Approximate reading time: 3 Minutes
Eventide UltraTap

Eventide UltraTap  ·  Source: EythscPi42 / Youtube

UPDATE: Eventide’s new powerhouse UltraTap Delay pedal is shipping now, priced €319 at our affiliate partner. 

The new Eventide UltraTap pedal kind of leaked out a little early last night, just after the official announcement of the MicroPitch Delay pedal. Turns out, this is much more than just a multi-tap delay.

Too Early?

Somehow, we get the feeling that the release of the Ultra Tap didn’t quite go as planned. It first turned up on PR emails we got yesterday evening, although it’s not yet listed on the Eventide website. Anyway, here are the full details on this interesting new pedal from Eventide.

Eventide UltraTap Delay

The latest Eventide stompbox is a multi-tap delay effects pedal that can do much more than just reel off simple echoes/repeats that fade out over time.

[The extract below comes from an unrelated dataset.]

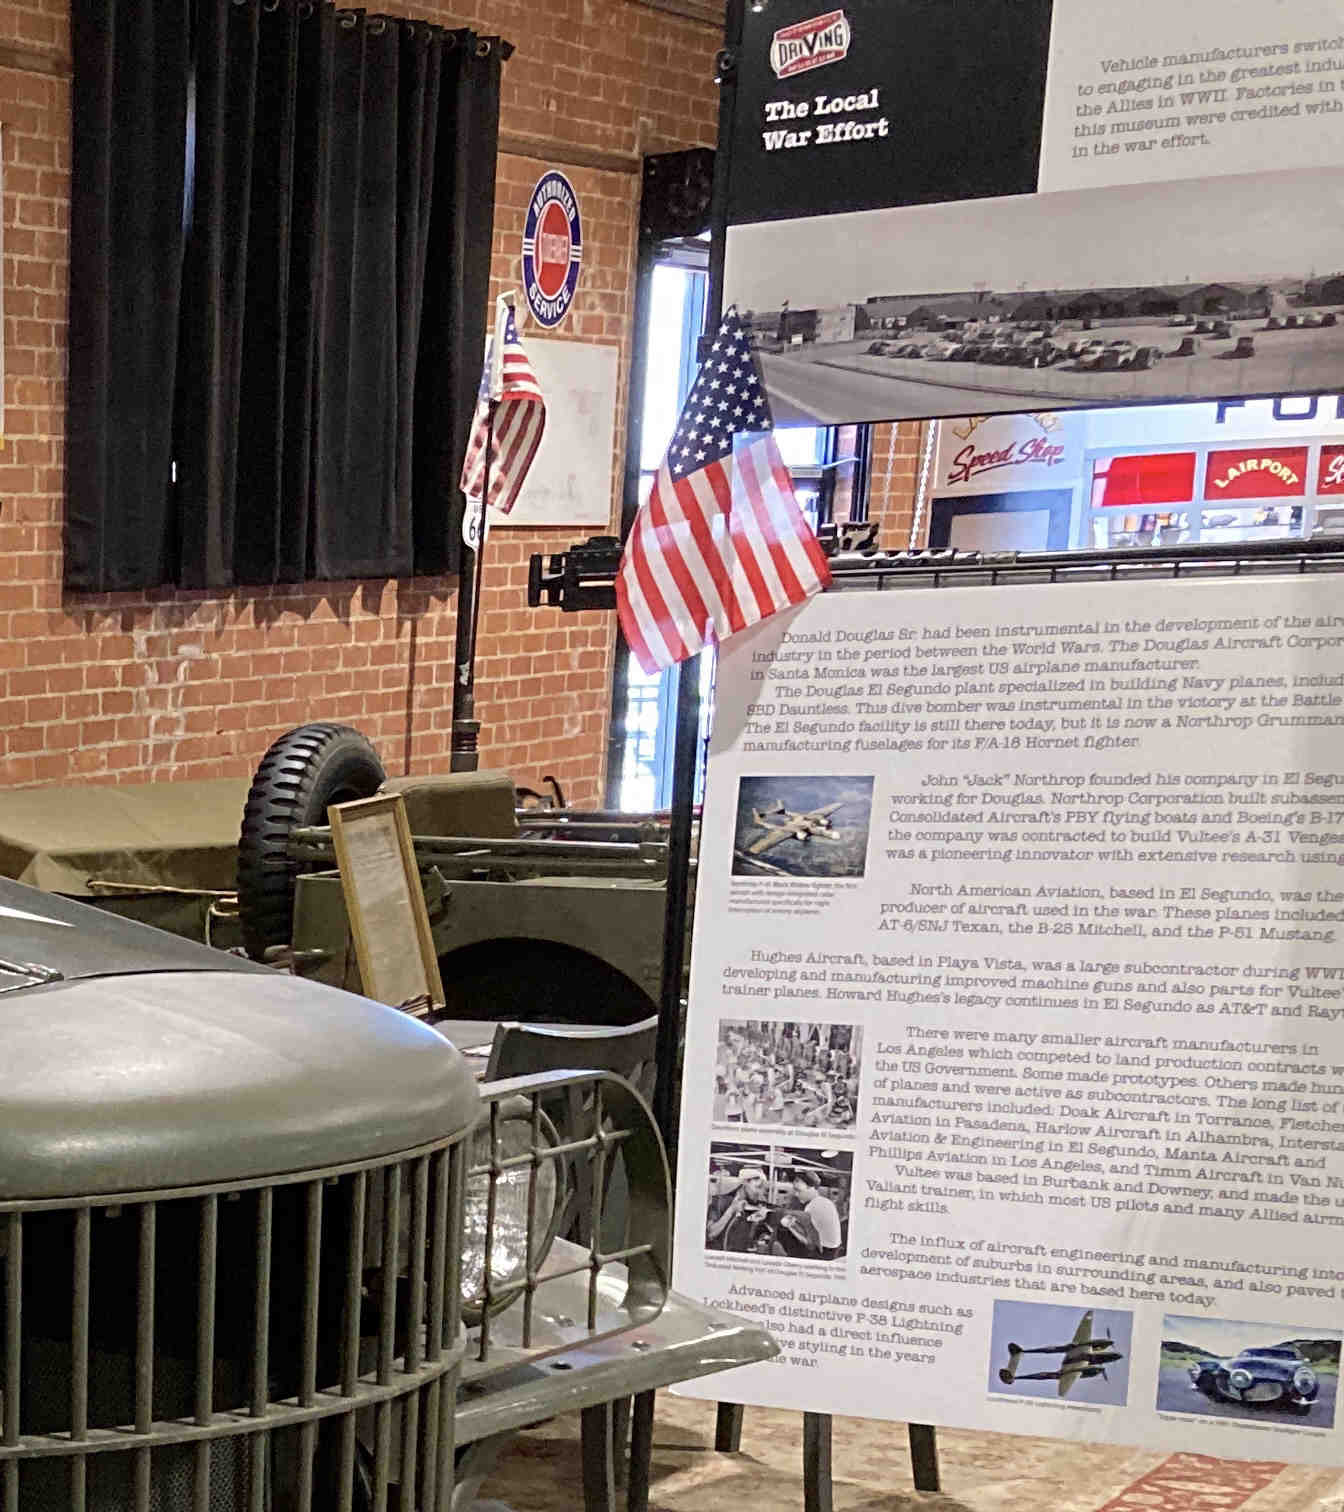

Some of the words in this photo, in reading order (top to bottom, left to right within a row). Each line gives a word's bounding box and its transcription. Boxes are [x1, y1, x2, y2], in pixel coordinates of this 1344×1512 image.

It’s the third pedal in the company’s “Dot9” series and provides rhythmic delays and reverbs as well as glitchy effects and swells. You could almost call it an ambient noise machine, because it also handles modulation. It follows the same format as the MicroPitch Delay and Blackhole Reverb, with a similar layout and look presented here in a silver livery.

Eventide UltraTap Delay

Eventide UltraTap Delay

Layout

The basic layout is as follows: 6 controls, an “Alt” push button switch and two foot switches. Then you have a TRS input (mono or stereo), two TS outputs (dual mono), an Expression output plus a MIDI input, USB port and switches for the input level (Line and Hi-Z) on the rear.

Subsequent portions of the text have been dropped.